** Try it **
In your copy of the data, omit the pictures and keep all else exactly as given.

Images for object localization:
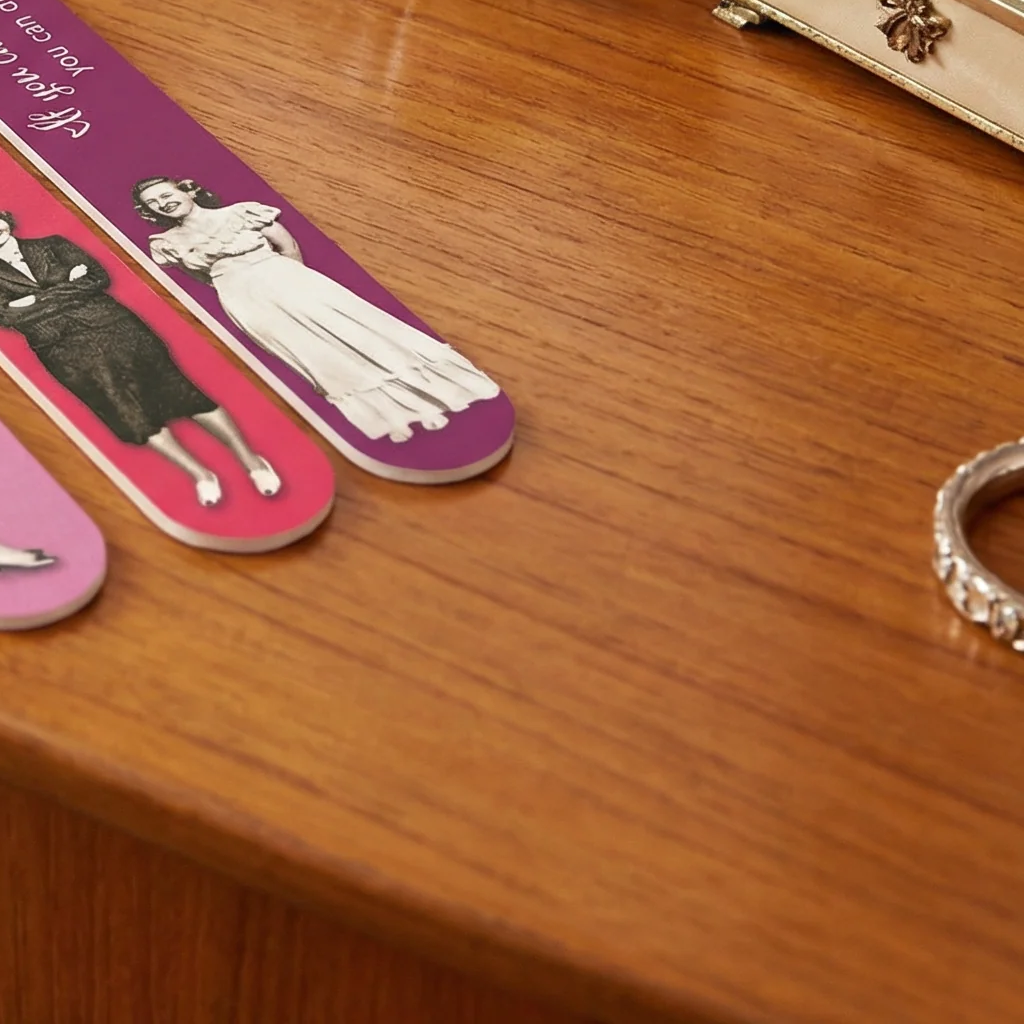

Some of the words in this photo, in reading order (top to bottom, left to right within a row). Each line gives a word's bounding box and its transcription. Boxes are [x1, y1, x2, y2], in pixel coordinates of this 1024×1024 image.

[15, 15, 52, 42] can
[47, 46, 94, 77] you
[12, 67, 75, 102] you
[27, 107, 90, 139] If

** Exercise output **
Some of the words in this photo, in reading order (top to bottom, left to right within a row). Each line gives a word's bounding box and its transcription. Boxes are [x1, y1, x2, y2], in pixel coordinates of this 1024×1024 image.

[15, 15, 52, 42] can
[47, 46, 94, 77] you
[12, 67, 75, 102] you
[27, 107, 90, 139] If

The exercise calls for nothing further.